Physical characteristics
- Source: Reschen Pass
- • location: Graun im Vinschgau, South Tyrol, Italy
- • coordinates: 46°50′04″N 10°30′53″E﻿ / ﻿46.83444°N 10.51472°E
- • elevation: 1,520 m (4,990 ft)
- Mouth: Adriatic Sea
- • location: Italy
- • coordinates: 45°8′59″N 12°19′13″E﻿ / ﻿45.14972°N 12.32028°E
- • elevation: 0 m (0 ft)
- Length: 410 km (250 mi)
- Basin size: 12,100 km^{2} (4,700 sq mi)
- • average: 235 m^{3}/s (8,300 cu ft/s)

= Adige =

Major river in Southern Europe

The Adige (Note: /it/; Etsch /de/; Àdexe /vec/; Adisch /rm/; Adesc /lld/; Athesis; Ἄθεσις, or Ἄταγις.) is the second-longest river in Italy, after the Po. It rises near the Reschen Pass in the Vinschgau in the province of South Tyrol, near the Italian border with Austria and Switzerland, and flows 410 km through most of northeastern Italy to the Adriatic Sea.

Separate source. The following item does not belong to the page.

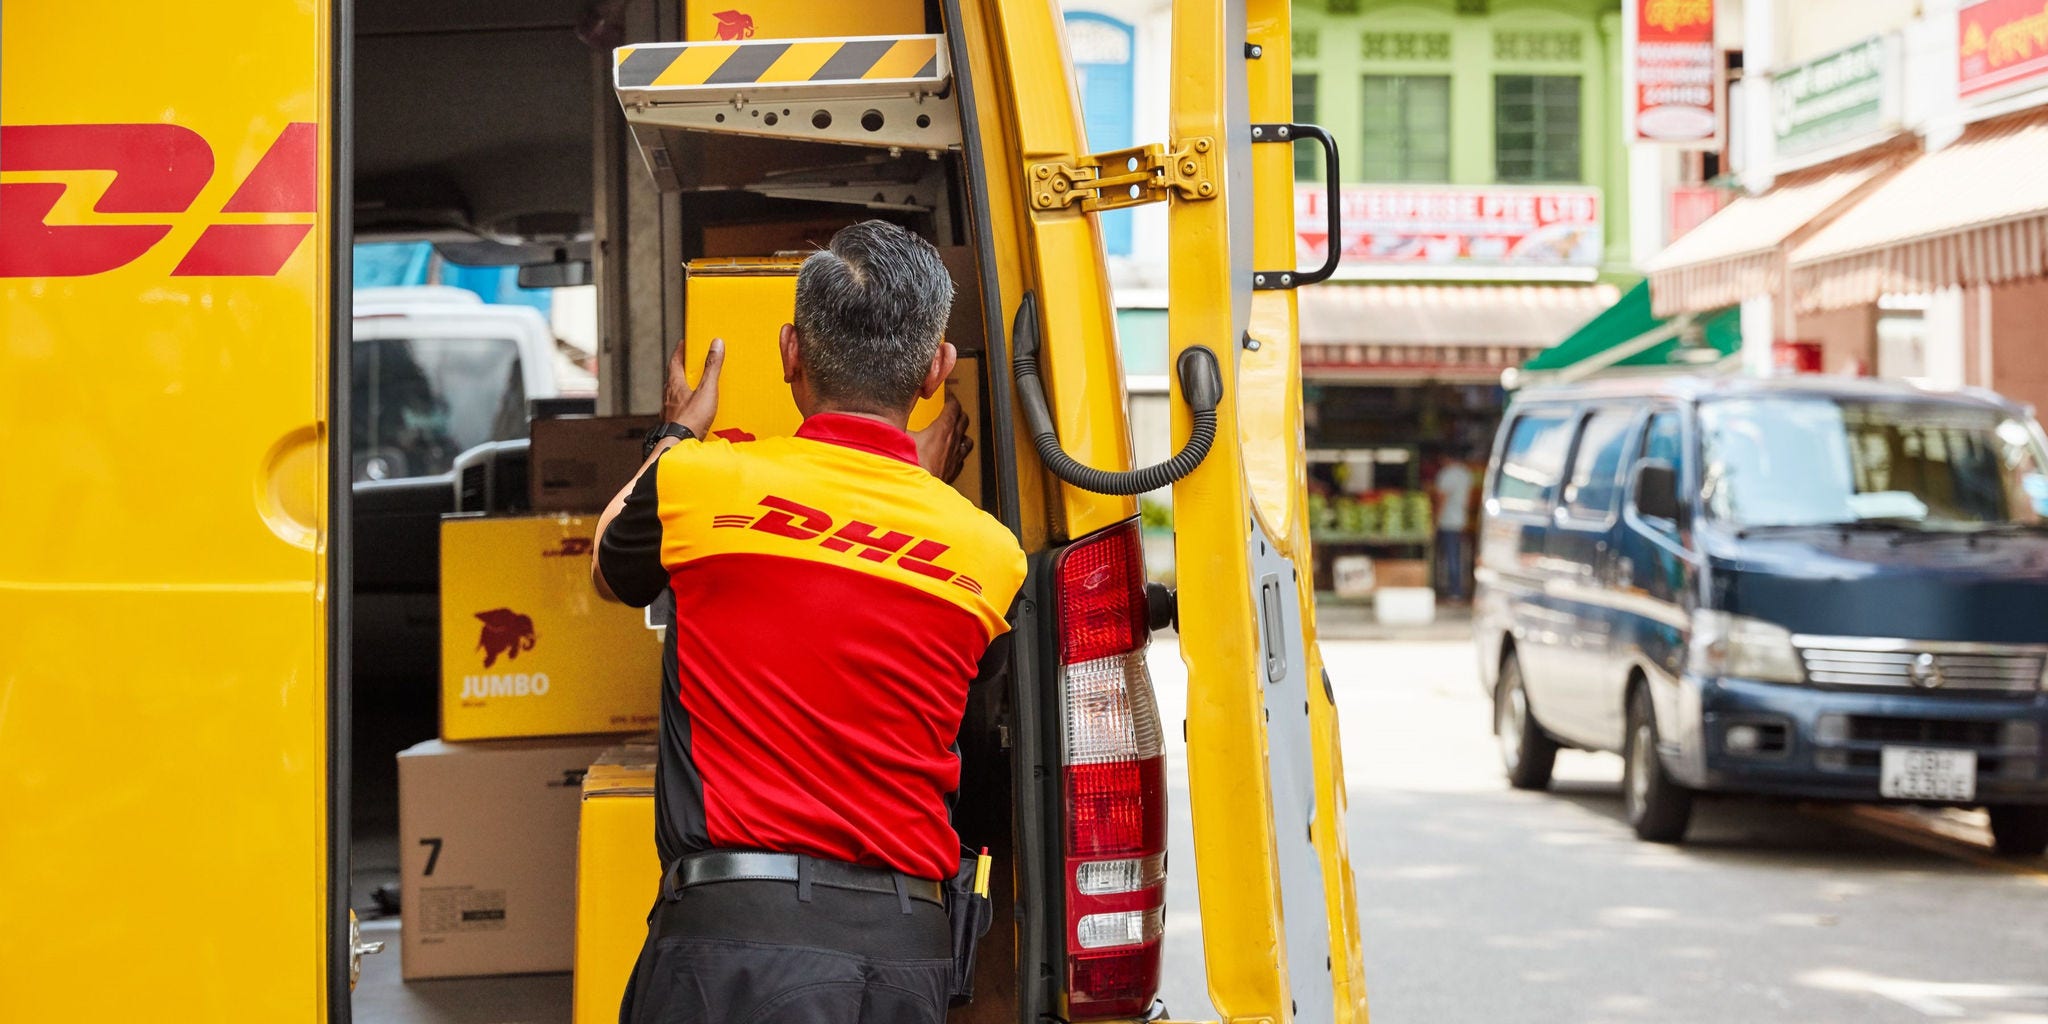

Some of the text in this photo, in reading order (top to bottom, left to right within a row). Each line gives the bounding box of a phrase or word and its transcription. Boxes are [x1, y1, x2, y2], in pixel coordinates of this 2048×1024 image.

[750, 495, 957, 582] DHL
[461, 672, 550, 699] JUMBO
[419, 837, 443, 876] 7

The name of the river is of unknown origin. Nineteenth-century theories, such as a derivation from the Proto-Celtic *yt-ese 'the water', and alleged to be cognate with the River Tees in England (anciently Athesis, Teesa), have never been accepted by Celtic onomasts and are now completely obsolete.

== Description ==
The river source is near the Reschen Pass (1504 m) close to the borders with Austria and Switzerland above the Inn Valley. It flows through the artificial alpine Lake Reschen. The lake is known for the church tower that marks the site of the former village of Alt Graun ("Old Graun"); it was evacuated and flooded in 1953 after the dam was finished. Near Glurns, the Rom River joins from the Swiss Val Müstair.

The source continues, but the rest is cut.